And so, she quit doing episiotomies, and immediately all the other residents and her bosses, her attending physicians, jumped her case. They were all over her. You’ve gotta cut, you’ve gotta cut. If you don’t cut, the perineum is going to explode. And she said, “But look, I’m doing these births and the perineum isn’t exploding and the women are fine.” And they gave her so much grief about just stopping episiotomies that she started to wonder what else they were defending, and she started to realize that everything that she was doing was contradicting the scientific evidence in favor of normal physiologic birth. So, she was swayed by the evidence. Other doctors were swayed by experience. 

One of them, Paulo [Last Name], went to Sweden. He got a fellowship and he wanted to learn about normal birth. He didn’t know anything about it, because he’d done 3,000 cesareans at that point in his life and very few normal births. And he watched Swedish midwives attending these beautiful normal births, and vertical births, and he came back and said, “Okay, I’m ready. I’m gonna be a cool postmodern obstetrician and I’m gonna do vertical births.” And the first new client that came to him was a French woman who said she wanted a vertical birth and he said, “I’m cool with that. I can do that.” But he’d never done one before. He’d seen them done, but he’d never actually done one. 

And so, to give you a clue of how hard it is to change practice, she was walking around in labor, and she was leaning over, and she was squatting down and standing up, and at one point she asked him to check her and he had to get down on his hands and knees, which is very challenging for a lot of doctors to be so low status, and he had to get down on his hands and knees and check her from underneath. And he said, “Robbie, I honestly didn’t know what my fingers were feeling. I’ve checked thousands of women for dilation, but always standing above them, and I didn’t know. I couldn’t read the information in my fingertips, because I was coming from a completely different angle.” So, he said he just guessed. He said, “Okay, four. You’re good. Everything’s coming along fine.” 

Fortunately, that birth turned out really well, and he began then to do more and more births like that and to abandon all the normal procedures.
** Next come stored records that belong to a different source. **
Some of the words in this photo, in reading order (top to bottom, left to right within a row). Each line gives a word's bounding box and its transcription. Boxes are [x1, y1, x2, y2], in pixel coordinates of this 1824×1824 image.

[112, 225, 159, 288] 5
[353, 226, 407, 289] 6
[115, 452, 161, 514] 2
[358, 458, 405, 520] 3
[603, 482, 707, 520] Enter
Every one of these obstetricians, we’ve interviewed 32 of them so far, has a different story. They’re all fascinating stories, but each one of them has a different tipping point, or catalyst, or some particular event that made them realize that what they’re doing is wrong. I

I’ll offer one more example. Ricardo Jones has become a good friend of mine. He runs a home and hospital practice, home birth and hospital birth practice in Porto Alegre in the very far south of Brazil near Argentina, and he was an Air Force resident, and he was like a first year resident, and a nurse comes running up to the room where the young residents are waiting to be called, and she said, “Doctor, Doctor, there’s a woman who’s in labor. She’s walked in off the street. She’s about to have her baby. You’ve gotta come quickly.” So, he went down there, and he pushed open the door and didn’t see anyone on the table, so he turned to the nurse to say, “Are you teasing me? Are you trying to make a fool out of me?” And she said, “No, Doctor. Please open the door further.” And then he saw the woman squatting in the corner. 
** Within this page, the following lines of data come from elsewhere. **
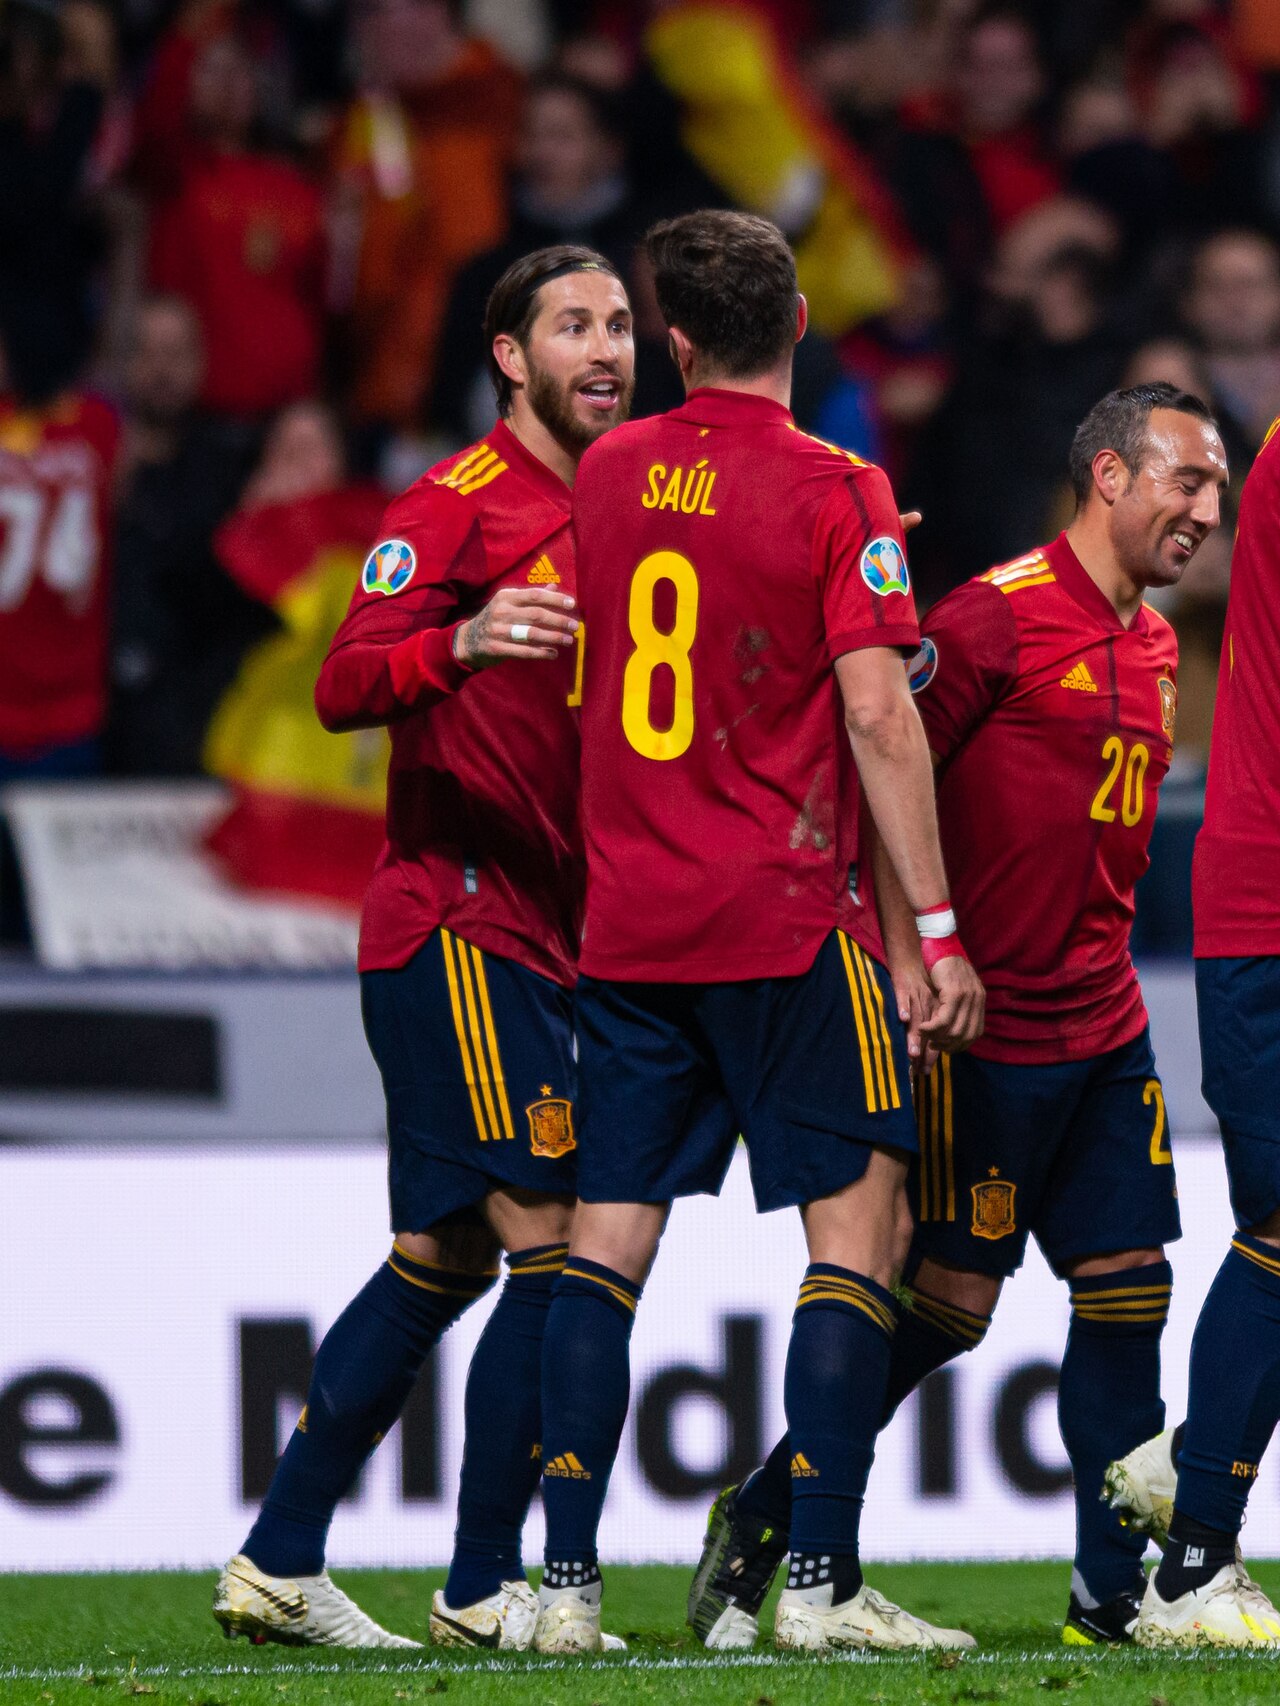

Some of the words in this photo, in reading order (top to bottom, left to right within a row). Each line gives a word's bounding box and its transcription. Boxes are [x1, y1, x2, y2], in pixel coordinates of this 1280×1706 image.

[642, 460, 717, 516] SAÚL
[527, 573, 561, 584] adidas
[622, 551, 699, 761] 8
[1060, 678, 1098, 693] adidas
[1089, 735, 1150, 828] 20
[544, 1467, 592, 1480] adidas
And he went over to her and squatted down and lifted up her skirt and he saw that the head was crowning. And he said, “Señora, what are you doing? Get up. Get off the floor. You’ve gotta get on the table to have this baby.” And he said, “She looked right through me as if I were made of glass.” She was in that altered state that Michel Odent calls it going to another planet. I call it going deep down inside. But you enter a deep delta state, and she was in that state, and she just could barely even perceive him. She just looked right through him. And he had to catch the baby without even gloves on, which he’d never done before. 
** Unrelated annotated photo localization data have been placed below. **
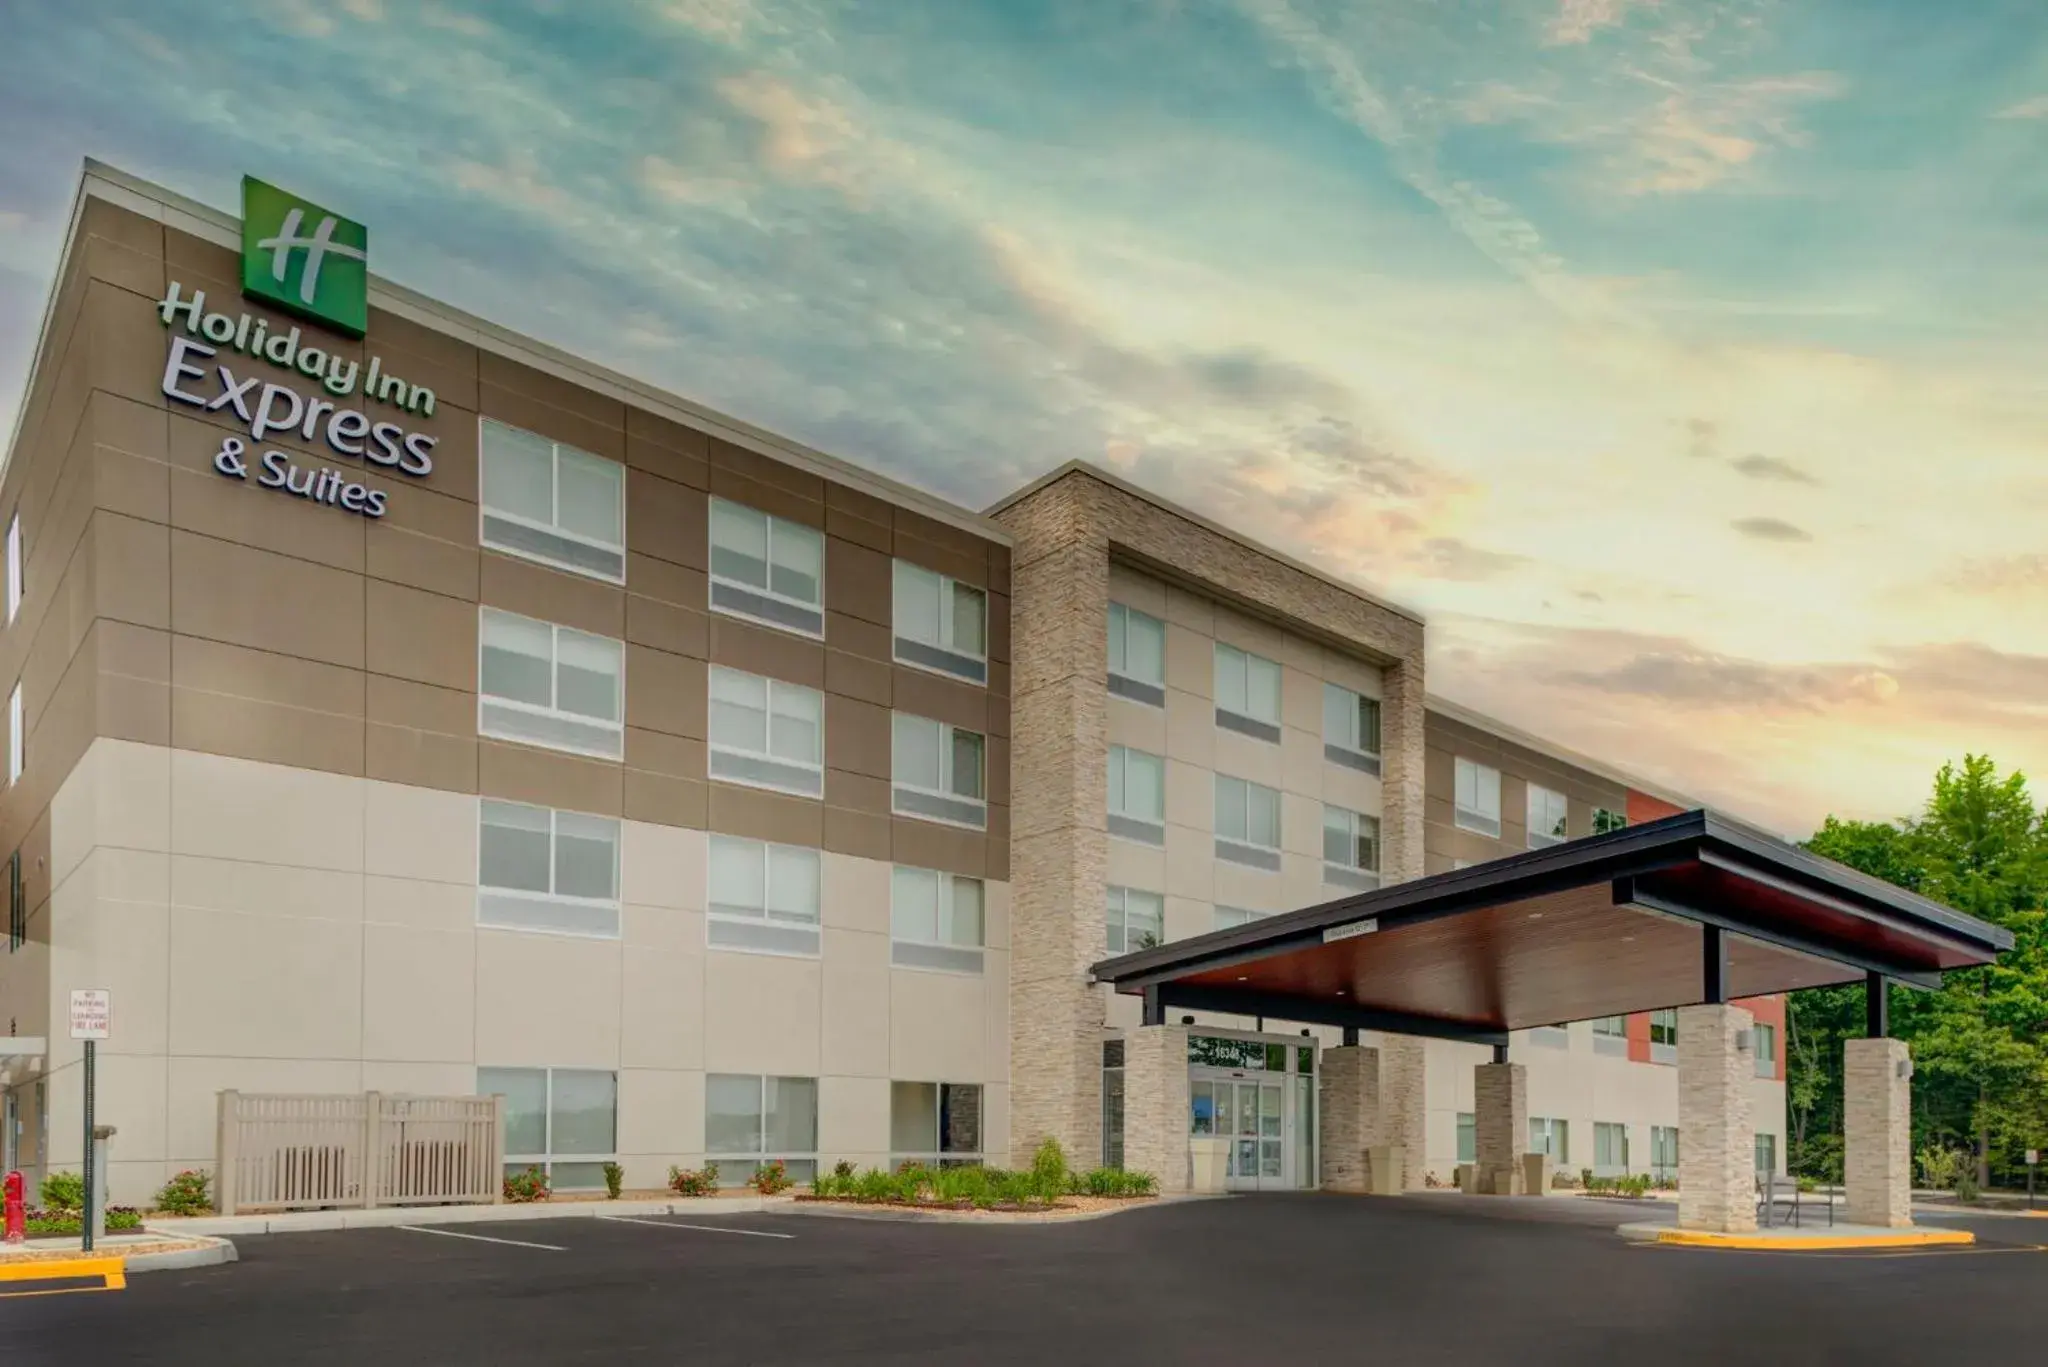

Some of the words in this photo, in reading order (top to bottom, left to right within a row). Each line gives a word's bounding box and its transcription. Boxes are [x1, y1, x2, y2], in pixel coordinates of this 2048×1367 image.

[158, 281, 359, 395] Holiday
[364, 356, 436, 417] Inn
[162, 336, 434, 477] Express
[214, 437, 248, 479] &
[257, 451, 388, 518] Suites
So, he catches the baby and he’s like, “Ew, gross!” And he hands it off to the nurse, who rushes it off to the NICU because of course it’s contaminated, because it was born on the floor. And then she bursts the placenta and he’s yelling at her, “Look at the mess you made! All this blood all over the floor!” And finally, he gets her up on the stretcher and they wheel her off to recovery, and later that afternoon… The birth kept bugging him. All day he kept feeling weird about it. And later that afternoon, the nurse came who had called him, came to him, and said, “Doctor, what a good thing you were here. What would have happened if you hadn’t been here?” And he stopped dead in his tracks, and he thought about it and it hit him. “Oh my God. If I hadn’t been there, she would have reached down and caught her own baby, and she would have had a perfect birth. And all I did was yell at her and do my best to disturb this intimate, innate process that she was in the middle of doing, and I’m an idiot.” He used a stronger word which I won’t say on the air. He used the A word. I’m an A-you-know-what. And he just… That was his turning point. He just got it that he had to change. 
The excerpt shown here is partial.